**Information provided**
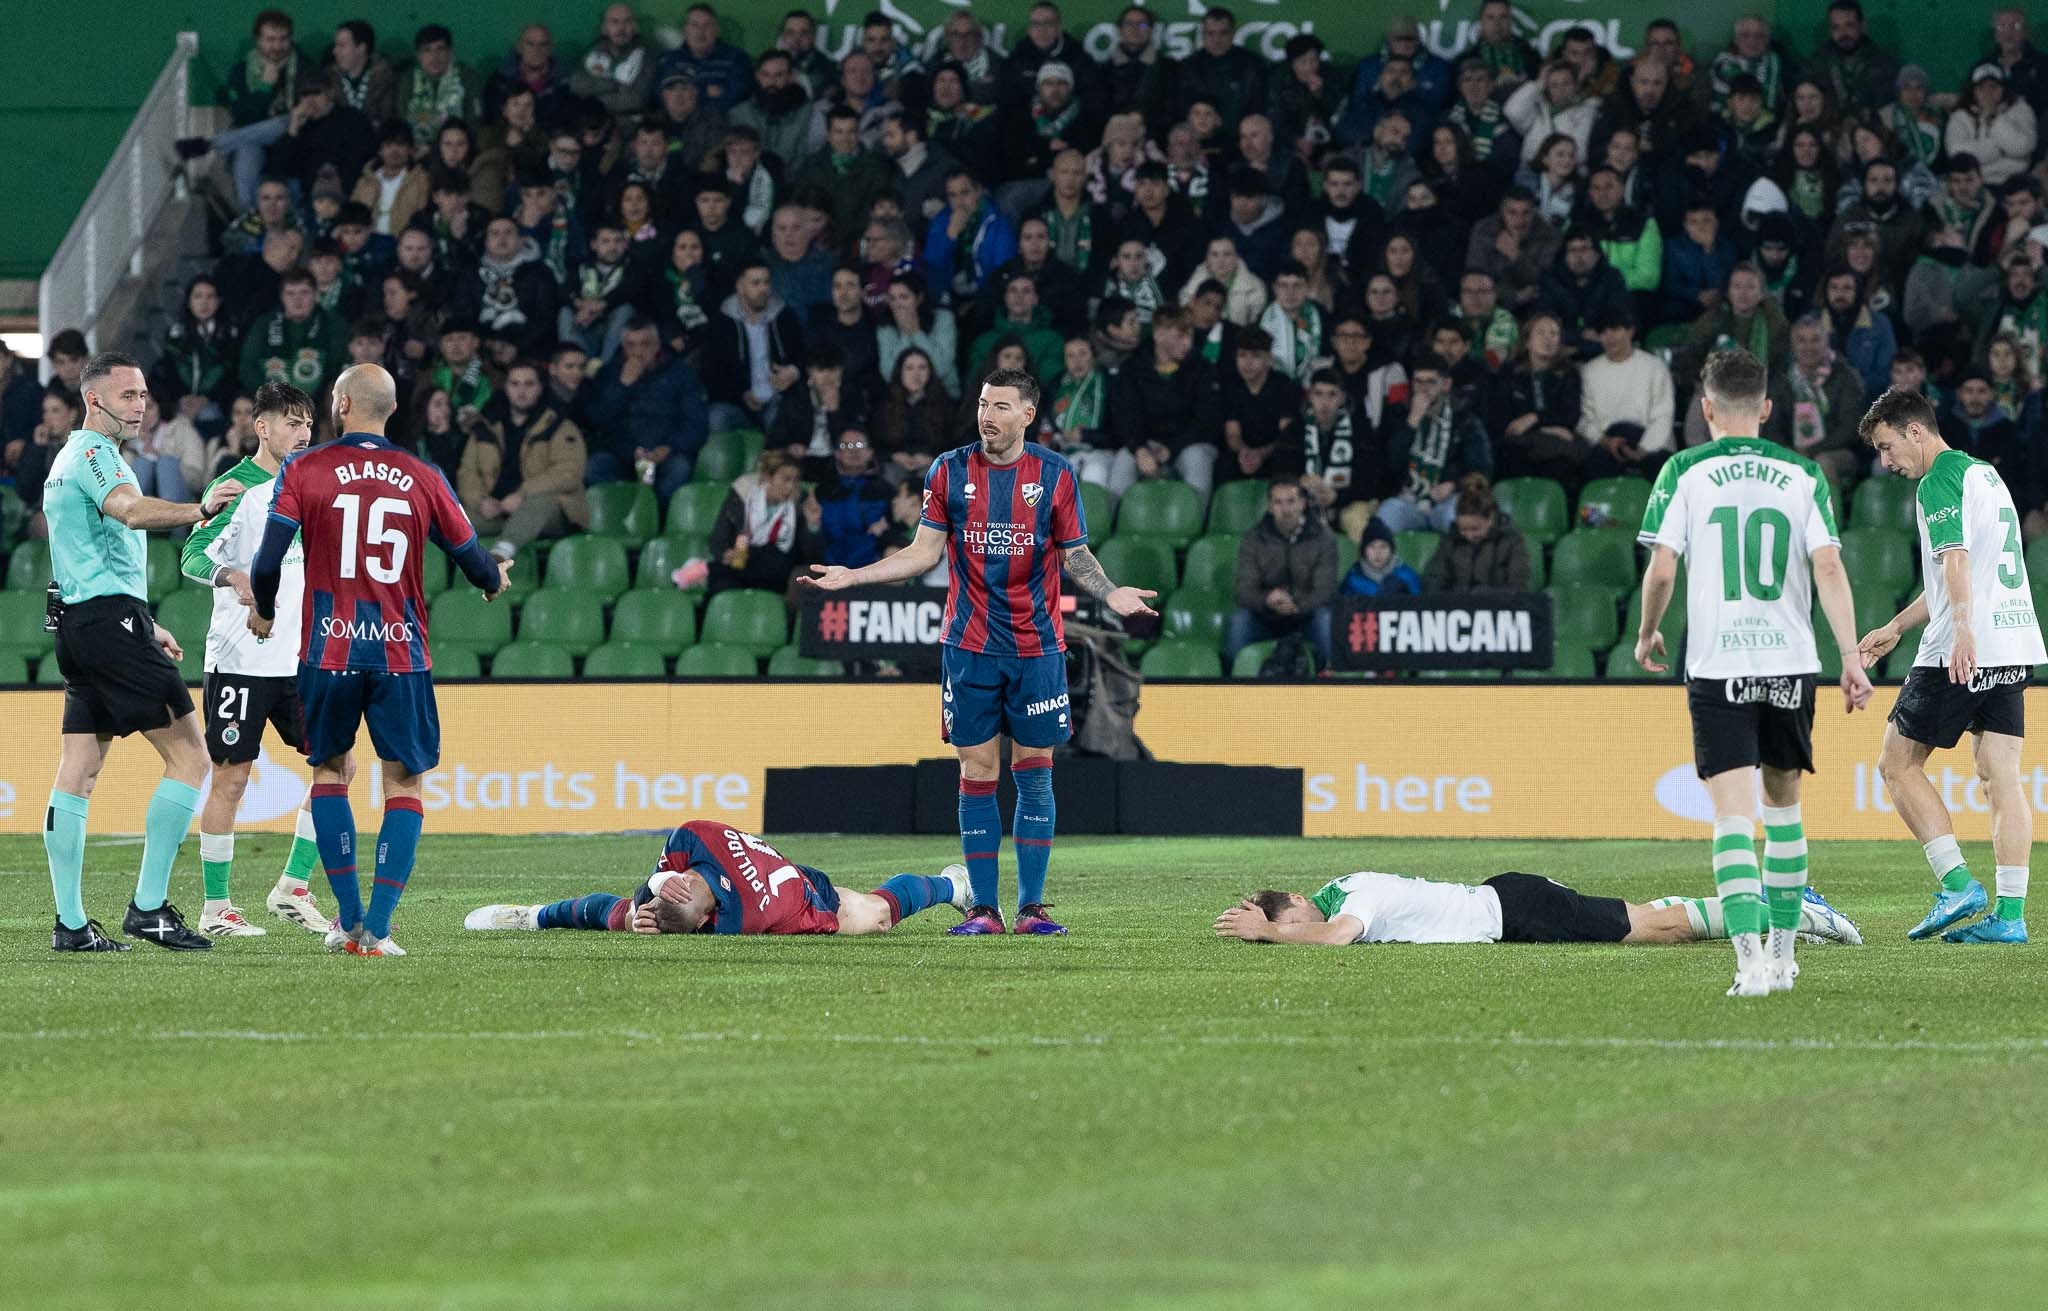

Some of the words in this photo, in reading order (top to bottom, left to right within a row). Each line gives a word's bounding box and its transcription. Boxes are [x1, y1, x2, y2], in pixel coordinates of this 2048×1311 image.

[334, 460, 414, 492] BLASCO
[1708, 460, 1793, 491] VICENTE
[332, 493, 412, 584] 15
[1707, 506, 1792, 601] 10
[1997, 507, 2024, 589] 3
[320, 617, 413, 642] SOMMOS
[818, 600, 945, 644] #FANC
[1348, 609, 1533, 653] #FANCAM
[1721, 632, 1788, 648] PASTOR
[218, 686, 249, 720] 21
[423, 764, 596, 809] starts
[614, 762, 750, 809] here
[1356, 762, 1491, 813] here
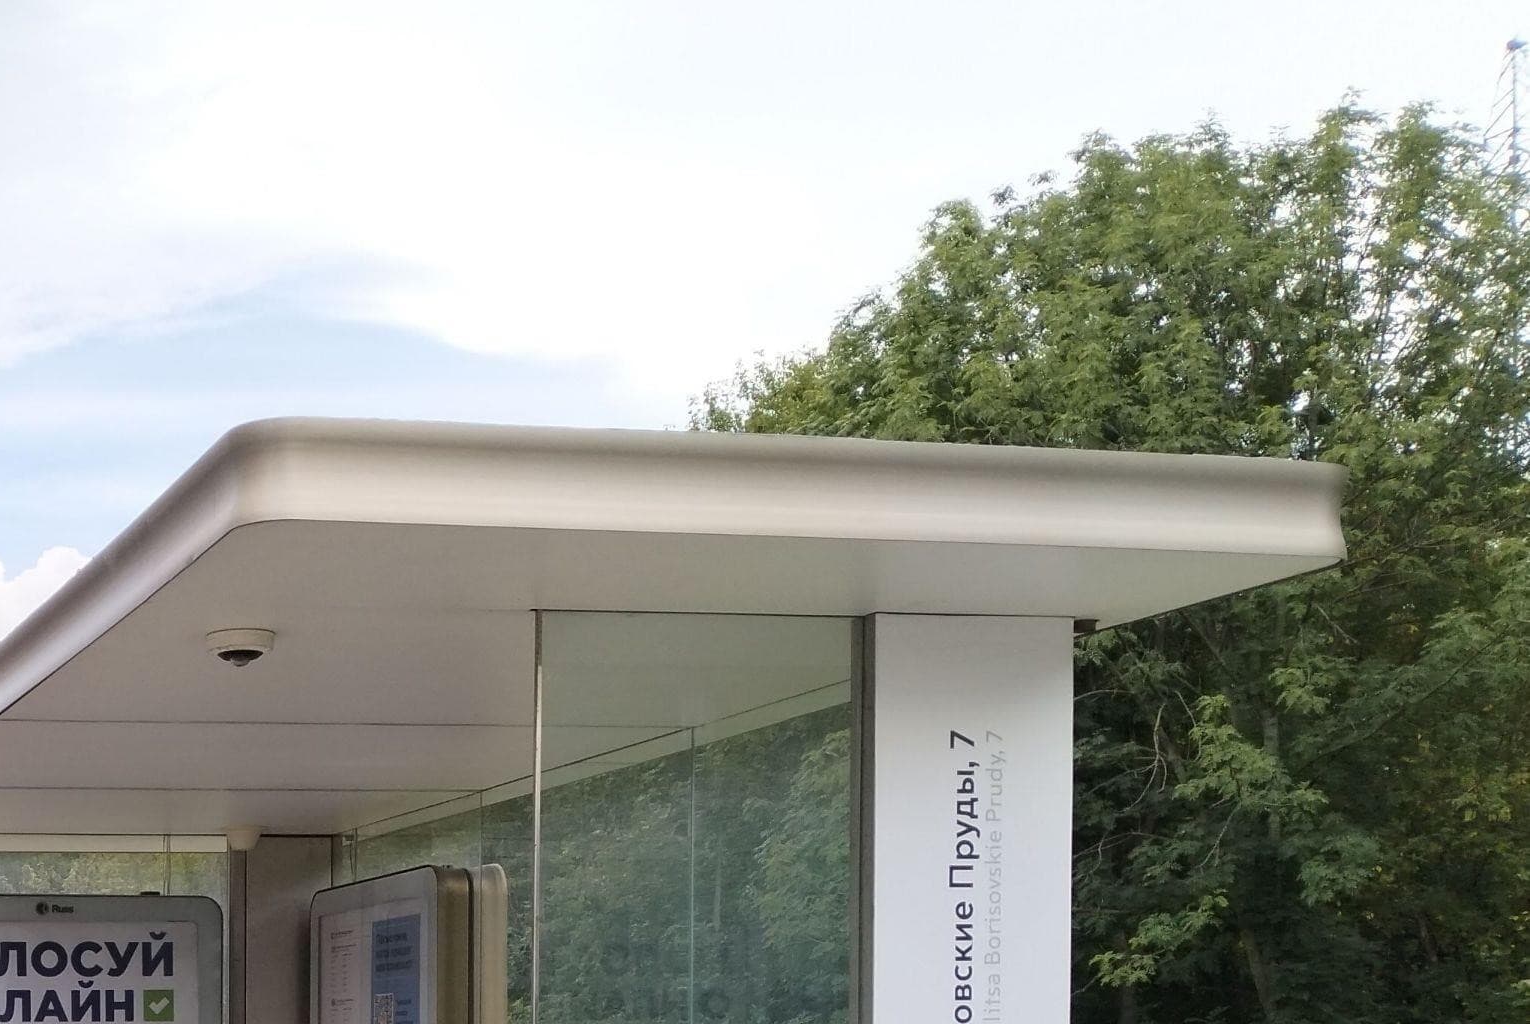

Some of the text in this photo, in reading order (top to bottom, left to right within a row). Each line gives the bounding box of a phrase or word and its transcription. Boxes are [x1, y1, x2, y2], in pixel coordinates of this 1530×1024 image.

[950, 730, 975, 749] 7
[986, 730, 1003, 743] 7
[985, 751, 1007, 821] Prudy,
[949, 761, 981, 888] Пруды,
[51, 904, 74, 914] Russ
[984, 830, 1003, 965] Borisovskie
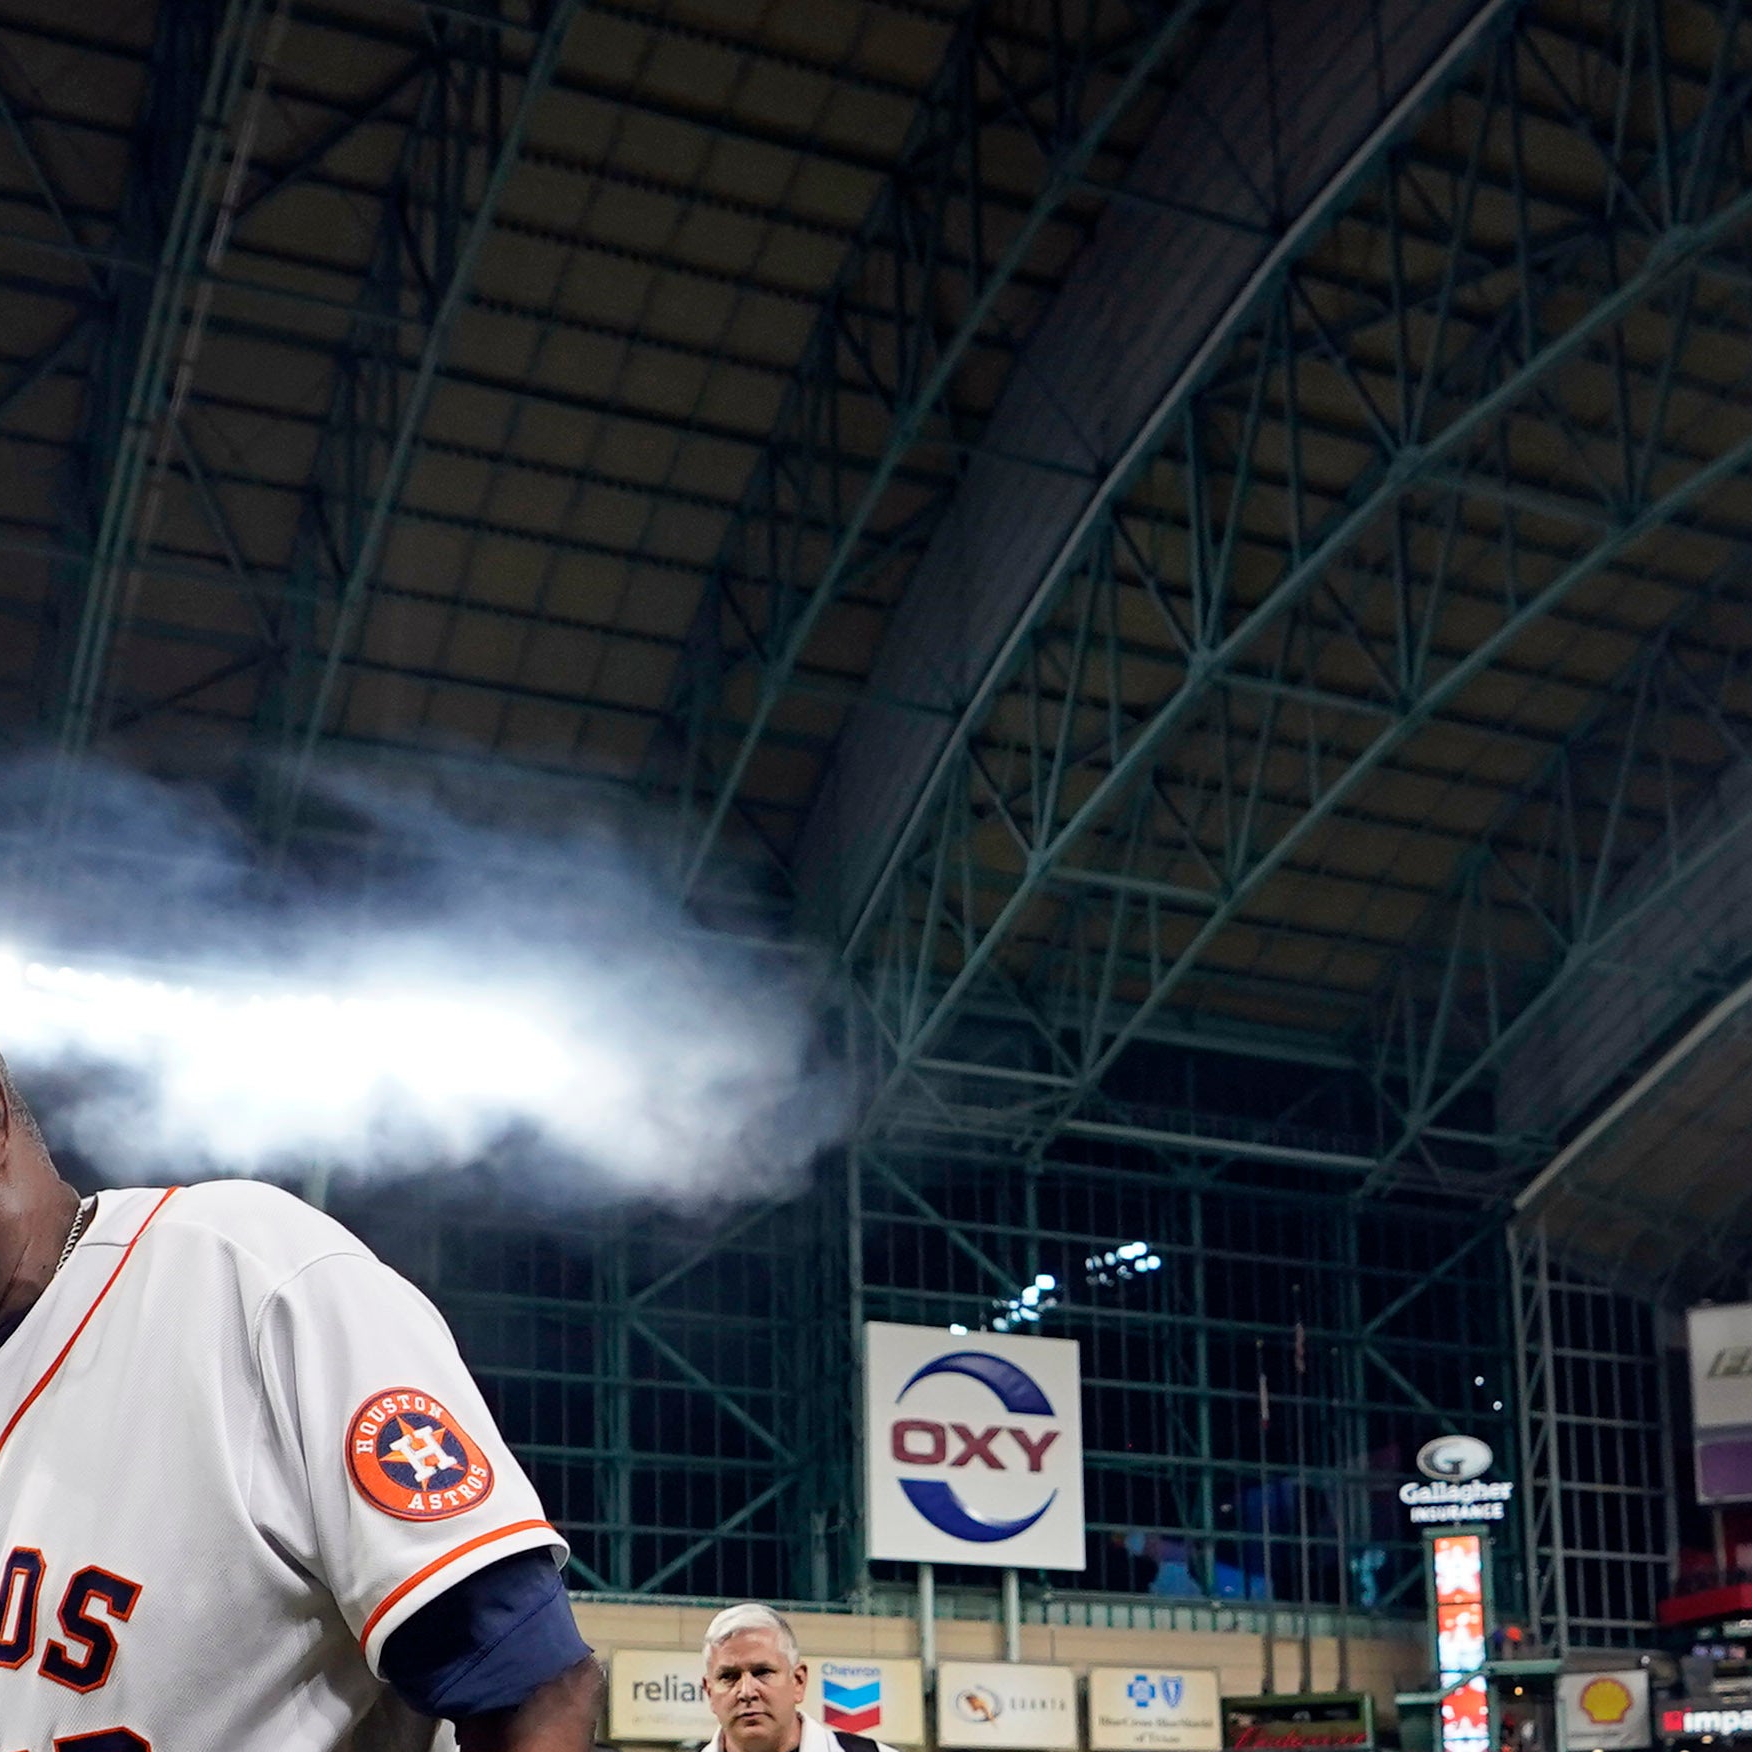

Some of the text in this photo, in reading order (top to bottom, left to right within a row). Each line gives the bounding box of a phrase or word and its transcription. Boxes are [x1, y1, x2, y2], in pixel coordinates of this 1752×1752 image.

[356, 1394, 444, 1455] HOUSTON
[891, 1418, 1062, 1474] OXY
[389, 1425, 459, 1482] H
[408, 1464, 488, 1511] ASTROS
[1399, 1479, 1513, 1506] Gallagher
[1410, 1502, 1505, 1524] INSURANCE
[820, 1661, 882, 1678] Chevron

**Exercise details**
Only the lines from the line with "this 1530×1024 image." through the closing line of the data, both included, should be set down, exactly as written and without pictures.

**Answer section**
Some of the text in this photo, in reading order (top to bottom, left to right within a row). Each line gives the bounding box of a phrase or word and its transcription. Boxes are [x1, y1, x2, y2], in pixel coordinates of this 1530×1024 image.

[950, 730, 975, 749] 7
[986, 730, 1003, 743] 7
[985, 751, 1007, 821] Prudy,
[949, 761, 981, 888] Пруды,
[51, 904, 74, 914] Russ
[984, 830, 1003, 965] Borisovskie

Some of the text in this photo, in reading order (top to bottom, left to right within a row). Each line gives the bounding box of a phrase or word and its transcription. Boxes are [x1, y1, x2, y2], in pixel coordinates of this 1752×1752 image.

[356, 1394, 444, 1455] HOUSTON
[891, 1418, 1062, 1474] OXY
[389, 1425, 459, 1482] H
[408, 1464, 488, 1511] ASTROS
[1399, 1479, 1513, 1506] Gallagher
[1410, 1502, 1505, 1524] INSURANCE
[820, 1661, 882, 1678] Chevron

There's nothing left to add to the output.